-- GIVEN DATA follows --
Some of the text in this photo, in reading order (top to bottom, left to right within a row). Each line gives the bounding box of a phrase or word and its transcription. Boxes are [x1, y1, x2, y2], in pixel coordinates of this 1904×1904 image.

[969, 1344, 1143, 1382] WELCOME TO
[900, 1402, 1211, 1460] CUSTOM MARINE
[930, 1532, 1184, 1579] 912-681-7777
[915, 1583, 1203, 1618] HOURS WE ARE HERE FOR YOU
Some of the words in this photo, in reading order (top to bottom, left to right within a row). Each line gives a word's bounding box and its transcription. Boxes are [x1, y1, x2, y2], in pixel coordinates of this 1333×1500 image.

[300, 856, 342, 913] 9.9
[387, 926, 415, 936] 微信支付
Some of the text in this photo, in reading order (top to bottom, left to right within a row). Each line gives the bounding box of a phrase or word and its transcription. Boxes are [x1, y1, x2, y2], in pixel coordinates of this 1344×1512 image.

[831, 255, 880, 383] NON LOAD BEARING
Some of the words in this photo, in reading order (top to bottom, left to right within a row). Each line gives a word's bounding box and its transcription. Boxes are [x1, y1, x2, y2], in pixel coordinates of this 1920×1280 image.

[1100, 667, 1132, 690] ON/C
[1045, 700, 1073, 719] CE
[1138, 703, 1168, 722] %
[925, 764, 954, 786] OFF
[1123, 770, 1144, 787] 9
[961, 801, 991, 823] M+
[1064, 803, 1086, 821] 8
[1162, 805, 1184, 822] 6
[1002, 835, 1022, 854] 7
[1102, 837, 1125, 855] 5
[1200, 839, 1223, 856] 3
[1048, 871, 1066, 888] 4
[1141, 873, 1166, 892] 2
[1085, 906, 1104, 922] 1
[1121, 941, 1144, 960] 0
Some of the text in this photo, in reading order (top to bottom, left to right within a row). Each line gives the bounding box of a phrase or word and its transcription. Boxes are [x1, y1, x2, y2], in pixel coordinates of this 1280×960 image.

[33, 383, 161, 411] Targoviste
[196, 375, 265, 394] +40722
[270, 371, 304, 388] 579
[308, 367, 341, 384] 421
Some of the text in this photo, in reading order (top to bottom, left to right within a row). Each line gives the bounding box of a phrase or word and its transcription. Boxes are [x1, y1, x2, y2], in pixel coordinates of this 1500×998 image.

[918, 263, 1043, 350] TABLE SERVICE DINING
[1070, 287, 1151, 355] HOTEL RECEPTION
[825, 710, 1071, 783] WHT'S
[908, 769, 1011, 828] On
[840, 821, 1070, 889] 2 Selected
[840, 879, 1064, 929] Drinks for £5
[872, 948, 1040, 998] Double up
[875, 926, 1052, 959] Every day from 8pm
-- GIVEN DATA concluded --
TASK DIRECTIONS:
When you restate the listing, keep each line identical to the original.

ANSWER:
Some of the text in this photo, in reading order (top to bottom, left to right within a row). Each line gives the bounding box of a phrase or word and its transcription. Boxes are [x1, y1, x2, y2], in pixel coordinates of this 1904×1904 image.

[969, 1344, 1143, 1382] WELCOME TO
[900, 1402, 1211, 1460] CUSTOM MARINE
[930, 1532, 1184, 1579] 912-681-7777
[915, 1583, 1203, 1618] HOURS WE ARE HERE FOR YOU
Some of the words in this photo, in reading order (top to bottom, left to right within a row). Each line gives a word's bounding box and its transcription. Boxes are [x1, y1, x2, y2], in pixel coordinates of this 1333×1500 image.

[300, 856, 342, 913] 9.9
[387, 926, 415, 936] 微信支付
Some of the text in this photo, in reading order (top to bottom, left to right within a row). Each line gives the bounding box of a phrase or word and its transcription. Boxes are [x1, y1, x2, y2], in pixel coordinates of this 1344×1512 image.

[831, 255, 880, 383] NON LOAD BEARING
Some of the words in this photo, in reading order (top to bottom, left to right within a row). Each line gives a word's bounding box and its transcription. Boxes are [x1, y1, x2, y2], in pixel coordinates of this 1920×1280 image.

[1100, 667, 1132, 690] ON/C
[1045, 700, 1073, 719] CE
[1138, 703, 1168, 722] %
[925, 764, 954, 786] OFF
[1123, 770, 1144, 787] 9
[961, 801, 991, 823] M+
[1064, 803, 1086, 821] 8
[1162, 805, 1184, 822] 6
[1002, 835, 1022, 854] 7
[1102, 837, 1125, 855] 5
[1200, 839, 1223, 856] 3
[1048, 871, 1066, 888] 4
[1141, 873, 1166, 892] 2
[1085, 906, 1104, 922] 1
[1121, 941, 1144, 960] 0
Some of the text in this photo, in reading order (top to bottom, left to right within a row). Each line gives the bounding box of a phrase or word and its transcription. Boxes are [x1, y1, x2, y2], in pixel coordinates of this 1280×960 image.

[33, 383, 161, 411] Targoviste
[196, 375, 265, 394] +40722
[270, 371, 304, 388] 579
[308, 367, 341, 384] 421
Some of the text in this photo, in reading order (top to bottom, left to right within a row). Each line gives the bounding box of a phrase or word and its transcription. Boxes are [x1, y1, x2, y2], in pixel coordinates of this 1500×998 image.

[918, 263, 1043, 350] TABLE SERVICE DINING
[1070, 287, 1151, 355] HOTEL RECEPTION
[825, 710, 1071, 783] WHT'S
[908, 769, 1011, 828] On
[840, 821, 1070, 889] 2 Selected
[840, 879, 1064, 929] Drinks for £5
[872, 948, 1040, 998] Double up
[875, 926, 1052, 959] Every day from 8pm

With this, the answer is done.